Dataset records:
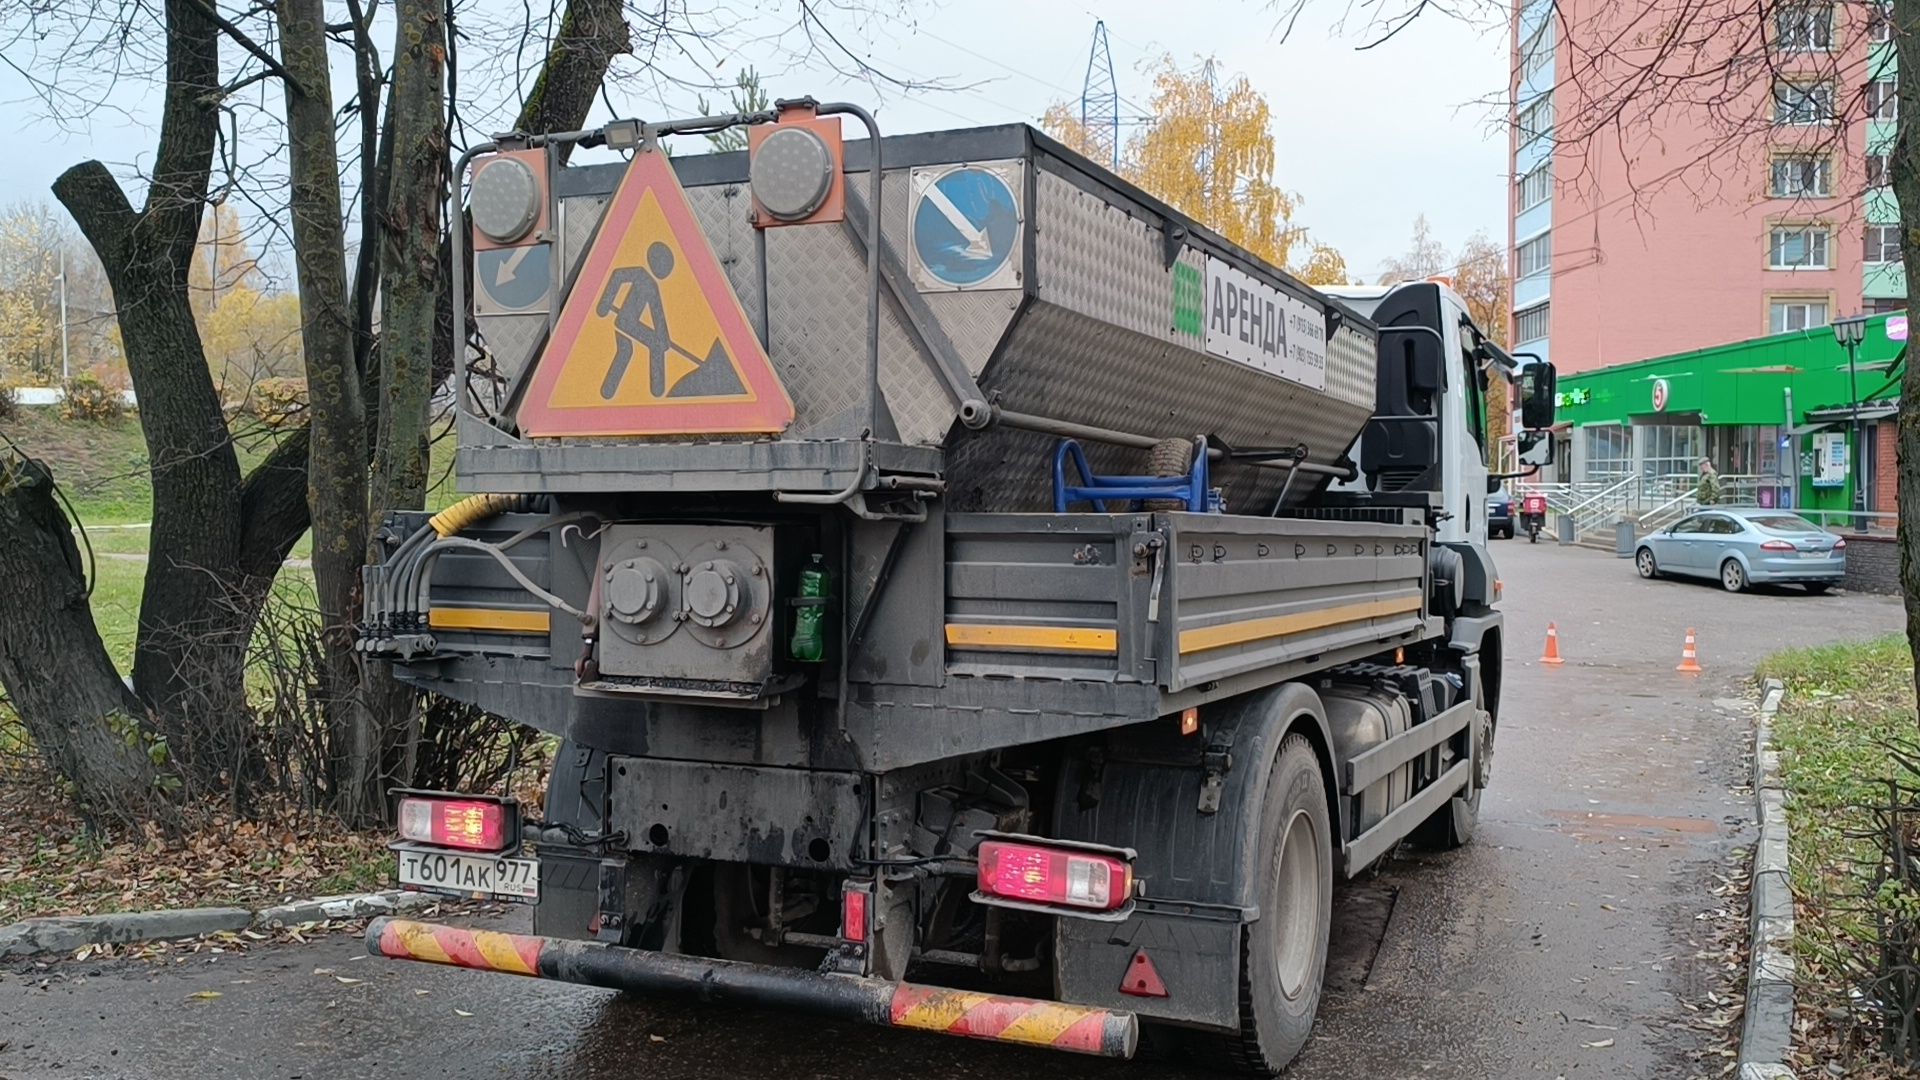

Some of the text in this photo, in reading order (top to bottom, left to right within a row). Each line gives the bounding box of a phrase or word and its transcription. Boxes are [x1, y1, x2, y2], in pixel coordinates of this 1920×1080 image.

[1211, 276, 1287, 358] АРЕНДА
[407, 854, 531, 888] Т601АК 977
[504, 883, 522, 893] RUS
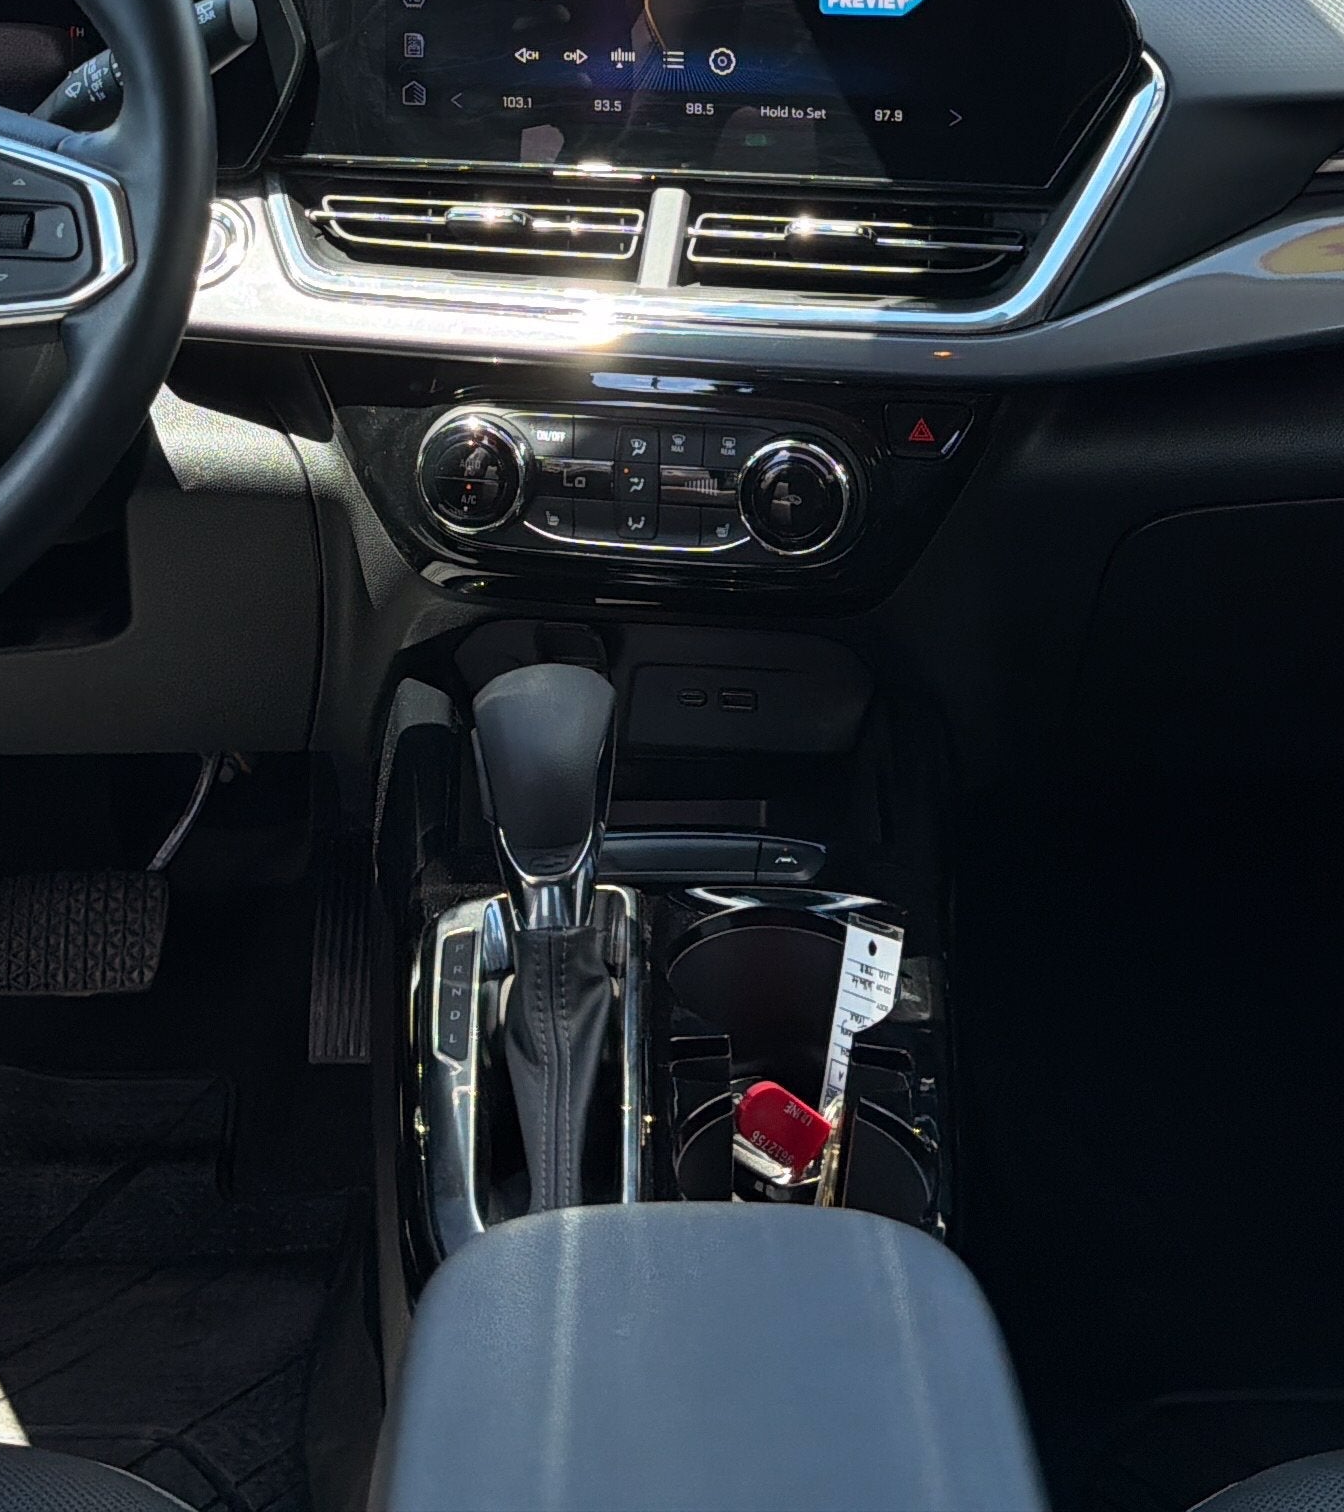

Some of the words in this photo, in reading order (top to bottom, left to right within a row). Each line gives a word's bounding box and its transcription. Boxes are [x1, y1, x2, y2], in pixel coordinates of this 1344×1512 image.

[75, 27, 85, 38] H
[526, 50, 539, 60] CH
[563, 51, 578, 61] CH
[502, 96, 533, 110] 103.1
[593, 99, 623, 113] 93.5
[685, 101, 715, 116] 98.5
[760, 105, 788, 118] Hold
[791, 106, 804, 119] to
[806, 106, 827, 120] Set
[874, 109, 903, 123] 97.9
[536, 430, 567, 442] ON/OFF
[670, 444, 685, 454] MAX
[720, 447, 736, 456] REAR
[459, 493, 477, 505] A/C
[455, 943, 464, 953] P
[453, 965, 463, 975] R
[451, 986, 462, 997] N
[449, 1009, 461, 1021] D
[448, 1033, 458, 1044] L

- Directions for this task -
All entries, top to bottom, should be retyped exactly; the pictures should not be.

- Answer section -
Some of the text in this photo, in reading order (top to bottom, left to right within a row). Each line gives the bounding box of a phrase or word and its transcription. Boxes are [x1, y1, x2, y2], in pixel coordinates of this 1920×1080 image.

[1211, 276, 1287, 358] АРЕНДА
[407, 854, 531, 888] Т601АК 977
[504, 883, 522, 893] RUS

Some of the words in this photo, in reading order (top to bottom, left to right within a row). Each line gives a word's bounding box and its transcription. Boxes are [x1, y1, x2, y2], in pixel coordinates of this 1344×1512 image.

[75, 27, 85, 38] H
[526, 50, 539, 60] CH
[563, 51, 578, 61] CH
[502, 96, 533, 110] 103.1
[593, 99, 623, 113] 93.5
[685, 101, 715, 116] 98.5
[760, 105, 788, 118] Hold
[791, 106, 804, 119] to
[806, 106, 827, 120] Set
[874, 109, 903, 123] 97.9
[536, 430, 567, 442] ON/OFF
[670, 444, 685, 454] MAX
[720, 447, 736, 456] REAR
[459, 493, 477, 505] A/C
[455, 943, 464, 953] P
[453, 965, 463, 975] R
[451, 986, 462, 997] N
[449, 1009, 461, 1021] D
[448, 1033, 458, 1044] L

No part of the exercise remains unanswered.